A Lab126 Secret Project…Project Vesta
According to the report, this project has actually been in the works in Lab126 for years, but was recently kicked into high gear with the lab hiring special engineers with expertise in robotics. Lab126, by the way, is the same lab responsible for successful Amazon devices like Echo speakers, Fire TV set-top-boxes, and Fire tablets. (And unsuccessful Amazon hardware, such as the Fire Phone.)
The project is headed by Gregg Zahr who is said to be in charge of Lab126’s hardware research and development division in Sunnyvale, CA. A recent review of the Lab126 job listings showed descriptions such as “Software Engineer, Robotics” and “Principle Sensors Engineer.”
Pace Picking Up – Possible Testing This Year
Bloomberg says it has talked to people “briefed on the plan” from Amazon and the pace has picked up so much that the company hopes to begin testing residential robots in select employees’ homes by the end of 2018. Depending on how those tests go, Amazon could possibly begin selling home robots to consumers by some time in 2019.
Of course, as Bloomberg themselves has noted, it is not unlike Amazon to kill projects during this stage of gestation if things aren’t going well. Timelines, as well, could vary greatly from those drawn up in their original plans.
But What Will It Do?
However, one important thing that Bloomberg was not able to uncover is just what the nature of any residential robot would be. What would its purpose be? Sources speculated that the Vesta robot will likely be an extension of Amazon’s popular Alexa technology…sort of an Alexa that can move about your home and follow you to parts of the home where there is no existing Echo or Dot device. Maybe.
However, they have learned that some of the prototypes have advanced cameras and computer vision software, such that it can navigate through your home sort of like an autonomous vehicle…without dinging up your table legs or bumping into walls.
We also know that Amazon hired Max Paley, a leading expert on computer vision. Paley came to Amazon from Apple. We also know that Amazon has hired “specialized mechanical engineers” out of the robotics industry.

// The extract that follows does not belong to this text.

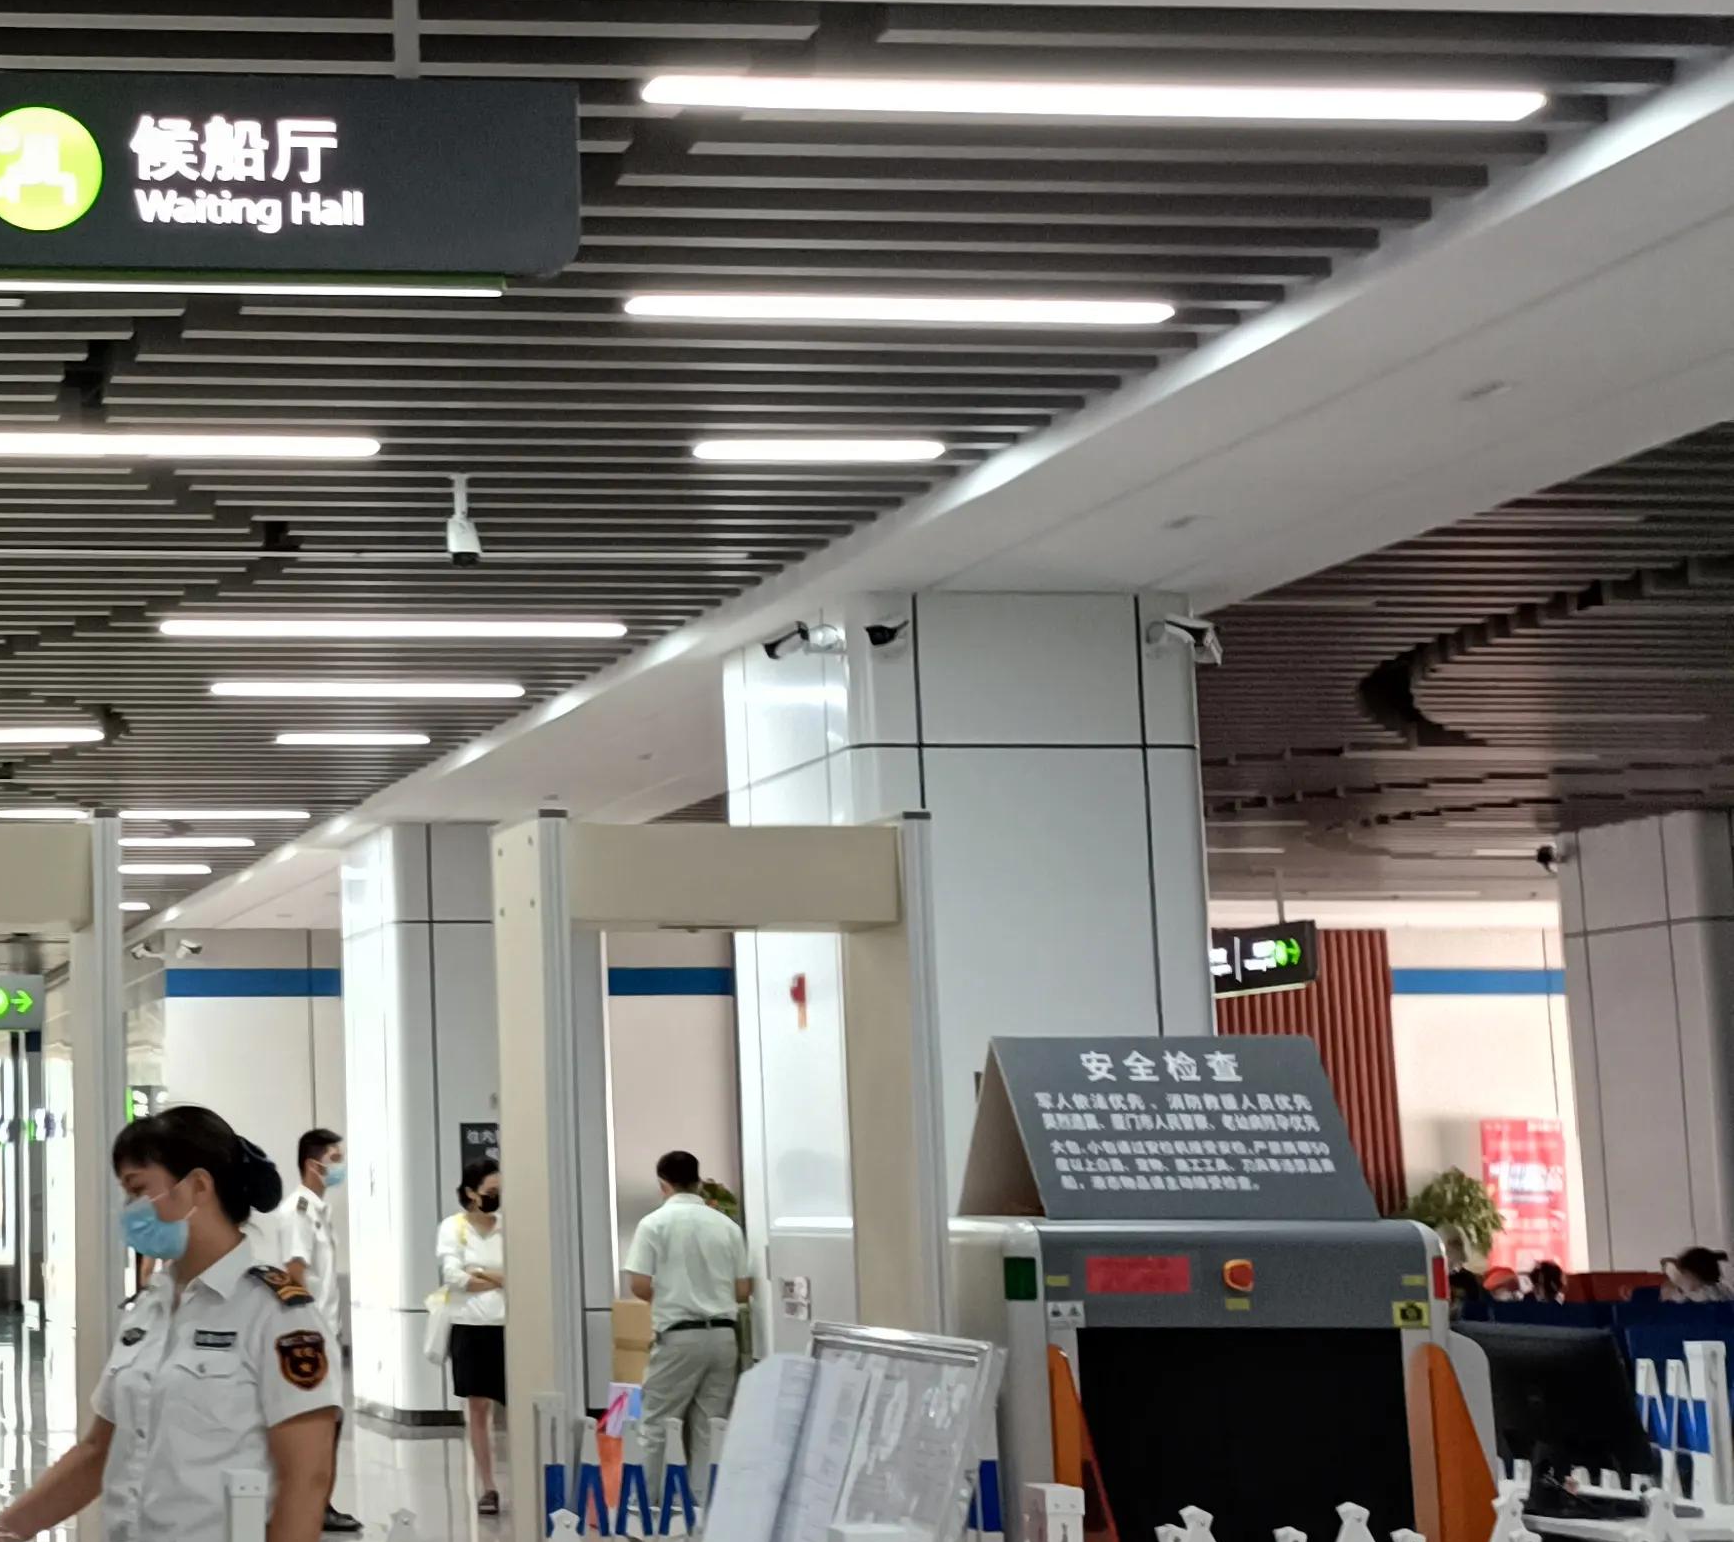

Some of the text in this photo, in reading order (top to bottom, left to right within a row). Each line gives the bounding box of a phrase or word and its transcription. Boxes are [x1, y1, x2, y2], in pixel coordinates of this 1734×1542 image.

[129, 114, 338, 184] 候船厅
[133, 188, 365, 234] Waiting Hall
[1079, 1050, 1243, 1082] 安全检查

Don’t Confuse It with Amazon Robotics
But the Lab126 robot project is very different from other robots Amazon is building at subsidiary Amazon Robotics. Here, robots are being built and deployed for the purpose of materials handling at Amazon warehouses around the world. Amazon acquired Kiva Systems in 2012 and turned it into Amazon Robotics for this purpose.
Critics say nobody in history has successfully built a robot designed for the home to provide companionship or to perform basic tasks for the homeowner. Even companies specializing in robotics have failed to achieve this goal. Perhaps the greatest success is the iRobot vacuum cleaner…a very specific robot for a very specific task. So what Amazon has in mind perplexes the experts.
Closer to Perfection
On the other hand, in the past, nobody had perfected voice control either. Then Alexa came along, and even though it’s not perfect either, it is much closer to perfection than anything that ever existed before.
For years, the dream of robots in the home, one that could take over the many common and mundane tasks homeowners deal with daily, has been the Holy Grail of tech. Sony has Aibo, a dog that doesn’t do much more than bark. LG showed a robot called Cloi at CES, but it never really worked properly for a demo of its capabilities. So there you are…no one has been successful at creating a useful home robot.
Can Amazon surprise us again?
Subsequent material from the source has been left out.